Subsequent cases have cited and relied upon this ruling as stare decisis, see, e.g., Nebraska v. Wyoming , 325 U.S. 589 (1945), and Nevada v. United States, 463 U.S. 110 (1983), and no court (to plaintiffs’ knowledge) has referred to this holding as dictum.  Defendant has previously referred to and relied upon Ickes v. Fox as a rule of law. See Filings of Claims for Water Rights in General Stream Adjudications, Op. Solicitor, Dep’t of Interior, 97 I.D. 21, 26; 1989 I.D. LEXIS 101 at *1, 14 (July 6, 1989) (citing and quoting the “oft-quoted” language in Ickes v. Fox).  

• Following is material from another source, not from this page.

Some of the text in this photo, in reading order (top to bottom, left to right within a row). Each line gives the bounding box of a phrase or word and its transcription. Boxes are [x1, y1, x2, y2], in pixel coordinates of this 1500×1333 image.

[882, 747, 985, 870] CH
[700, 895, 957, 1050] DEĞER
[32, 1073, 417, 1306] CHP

2.  Nebraska v. Wyoming , 325 U.S. 589 (1945):  

As with Ickes v. Fox, defendant incorrectly asserts that “unlike in Nebraska , the initial appropriation for the Klamath Project was made by the United States in accordance with Oregon law . . . .” Opposition at 38.  In truth, according to the Supreme Court, the United States filed for the Reclamation project water rights at issue in Nebraska, just as it did for the Klamath Project:  “Initiation of both projects was accompanied by filings made pursuant to § 8 in the name of the Secretary of the Interior for and on behalf of the United States. Those filings were accepted by the state officials as adequate under state law.  They established the priority dates for the projects.” Nebraska v. Wyoming , 325 U.S. 589, 613 (1945).  

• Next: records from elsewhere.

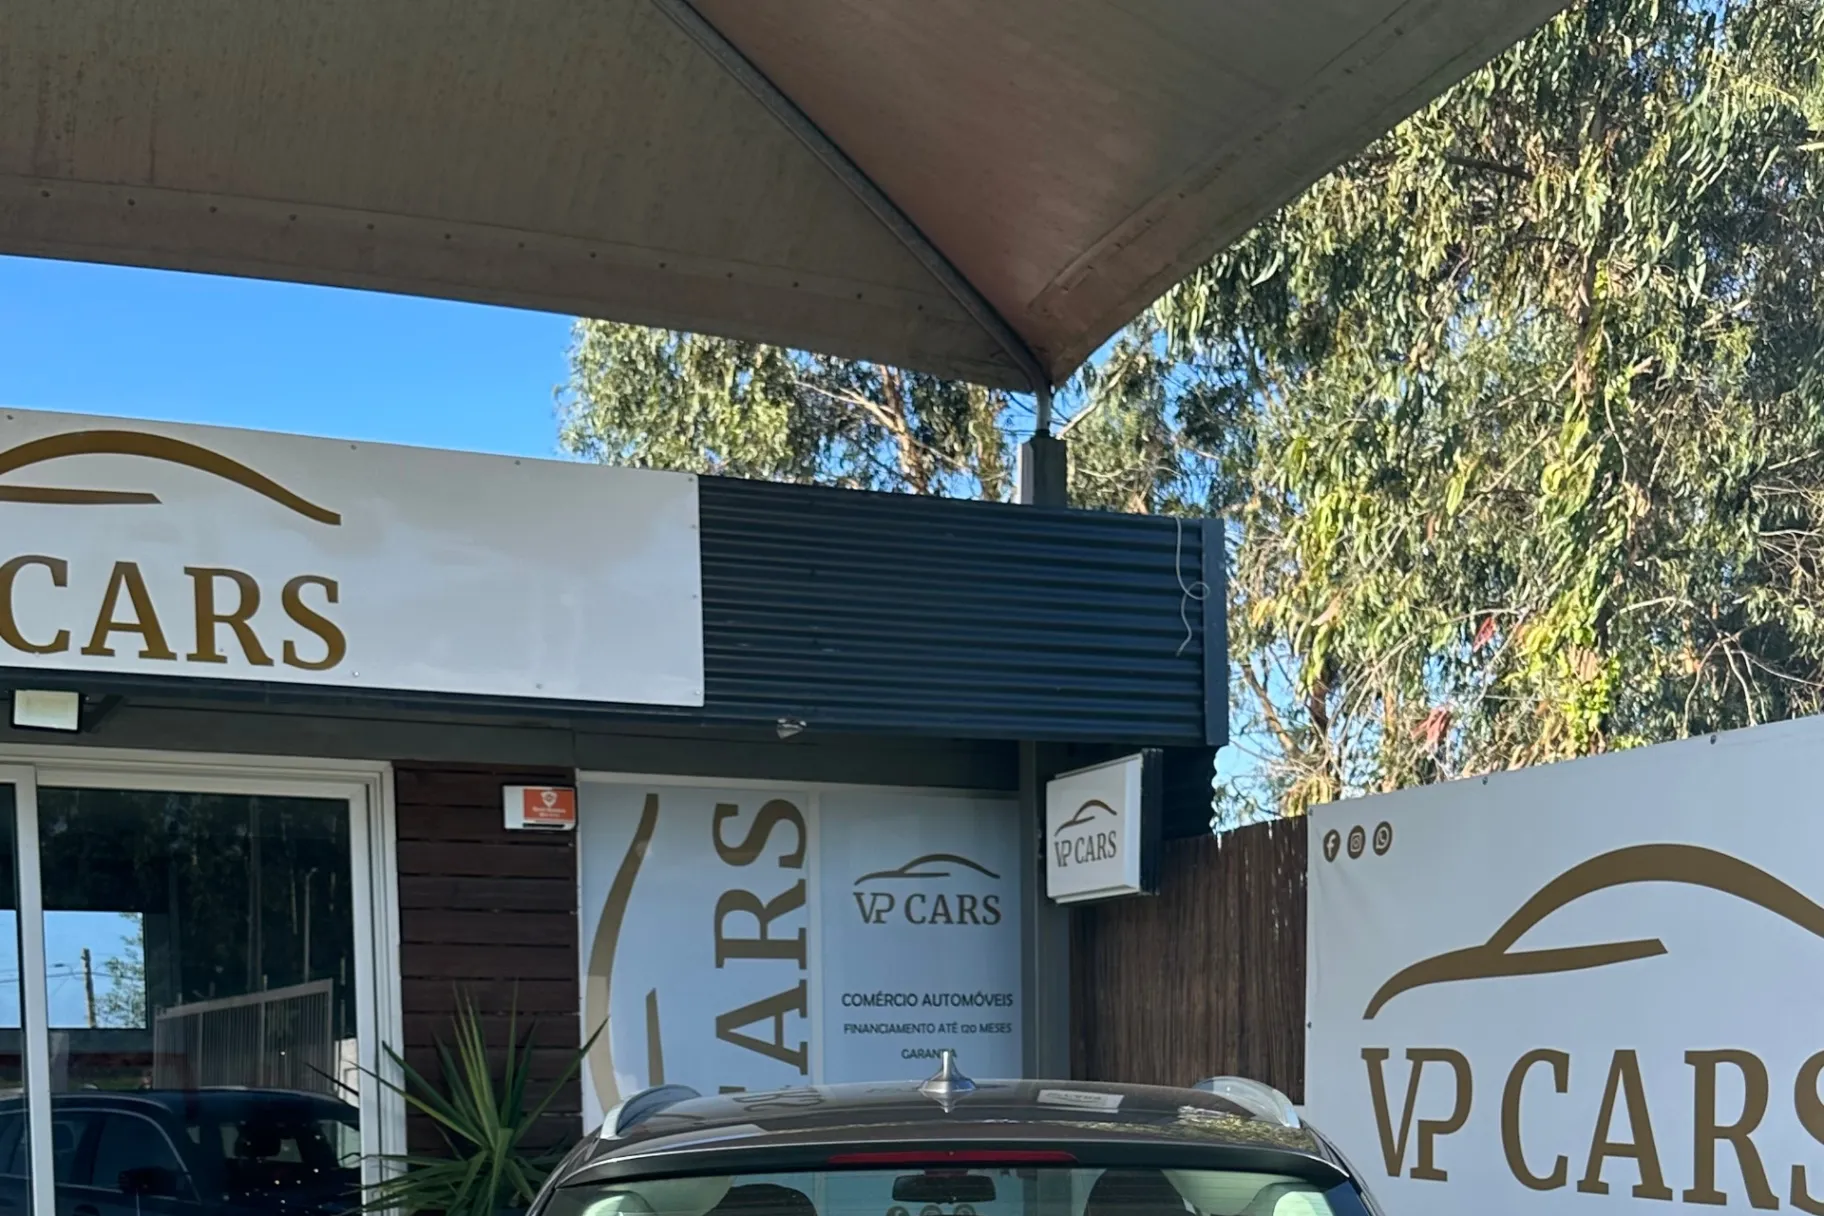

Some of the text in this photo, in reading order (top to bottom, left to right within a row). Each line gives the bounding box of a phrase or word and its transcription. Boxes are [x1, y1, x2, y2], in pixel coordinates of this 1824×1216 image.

[0, 554, 347, 671] CARS
[1054, 830, 1117, 868] VP CARS
[853, 892, 1002, 926] VP CARS
[712, 798, 808, 1095] ARS
[841, 991, 1013, 1008] COMÉRCIO AUTOMÓVEIS
[843, 1021, 1012, 1034] FINANCIAMENTO ATÉ 120 MESES
[900, 1048, 957, 1060] GARANTA
[1361, 1047, 1473, 1182] VP

Defendant also states: “ Nebraska and Wyoming authorities then provided certificates to the landowners upon receiving proof of beneficial use from the irrigation districts, and named as appropriators the individual landowners, all prior to construction of the Project.” Opposition at 38.  However, nothing in the opinion supports the assertion that proof of beneficial use and issuance of certificates occurred prior to construction of these projects, and it is difficult to imagine how irrigators could have put project waters to beneficial use on their lands (and submitted proof thereof to the states) before these projects had even been constructed.  It is far more likely that these projects were constructed, the landowners put the water to beneficial use, and then submitted proof of that beneficial use to the state – just as they did in the Klamath Project.  It is worth noting, moreover, that the Klamath, Yakima , and the North Platte projects were all constructed at about the same time.  

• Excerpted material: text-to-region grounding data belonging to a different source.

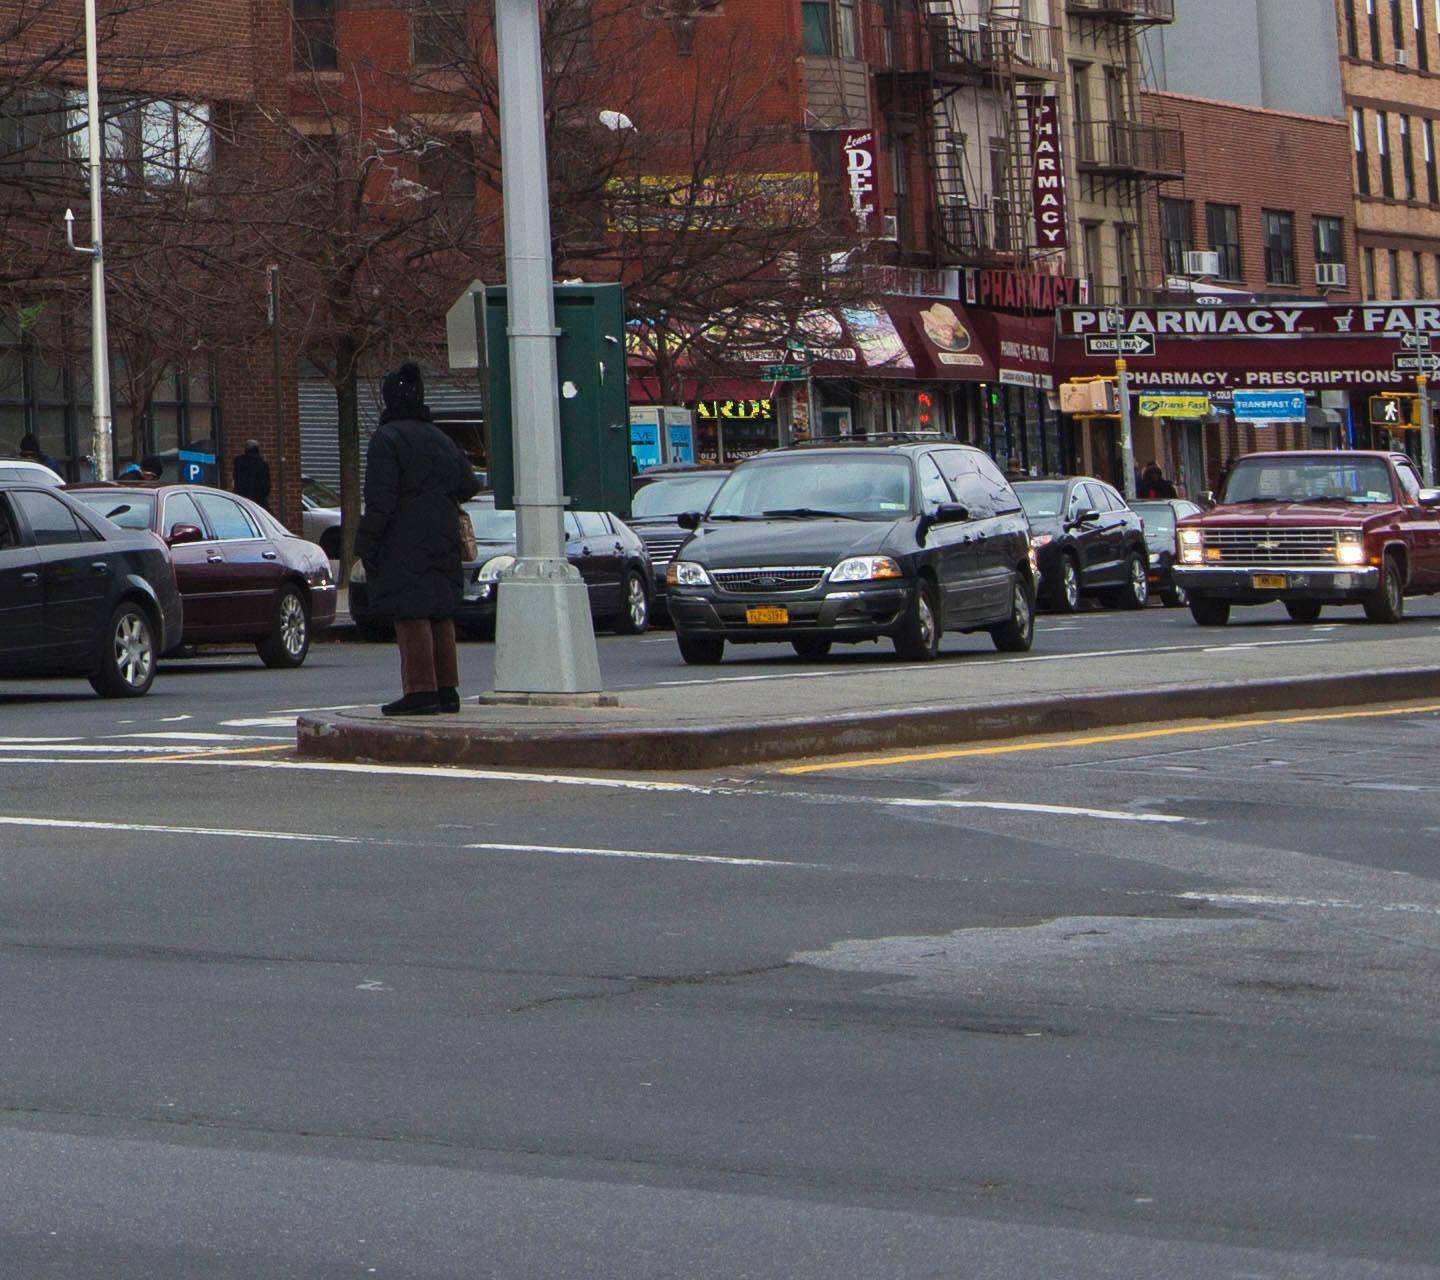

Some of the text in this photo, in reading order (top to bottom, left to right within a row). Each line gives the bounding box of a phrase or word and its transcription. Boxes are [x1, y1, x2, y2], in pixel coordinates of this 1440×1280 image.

[1035, 105, 1061, 242] PHARMACY
[981, 270, 1075, 308] PHARMACY
[1095, 340, 1143, 349] ONE WAY
[1125, 370, 1229, 385] PHARMACY
[1245, 369, 1402, 385] PRESCRIPTIONS
[1236, 400, 1289, 409] TRANSFAST
[190, 464, 200, 480] P

Thus, the Reclamation project water rights at issue in Nebraska , like those of the Klamath and Yakima projects, were originally appropriated by the United States , in conformity with state law as the Reclamation Act requires.  Under both the Reclamation Act and state law in both cases, application of that water to beneficial use created a vested property right appurtenant to the irrigators’ land:

All of these steps make plain that those projects were designed, constructed and completed according to the pattern of state law as provided in the Reclamation Act. We can say here what was said in Ickes v. Fox, supra, pp. 94-95: “Although the government diverted, stored and distributed the water, the contention of petitioner that thereby ownership of the water or water-rights became vested in the United States is not well founded.  Appropriation was made not for the use of the government, but, under the Reclamation Act, for the use of the land owners; and by the terms of the law and of the contract already referred to, the water-rights became the property of the land owners, wholly distinct from the property right of the government in the irrigation works. Compare Murphy v. Kerr, 296 Fed. 536, 544, 545. The government was and remained simply a carrier and distributor of the water (ibid.), with the right to receive the sums stipulated in the contracts as reimbursement for the cost of construction and annual charges for operation and maintenance of the works.”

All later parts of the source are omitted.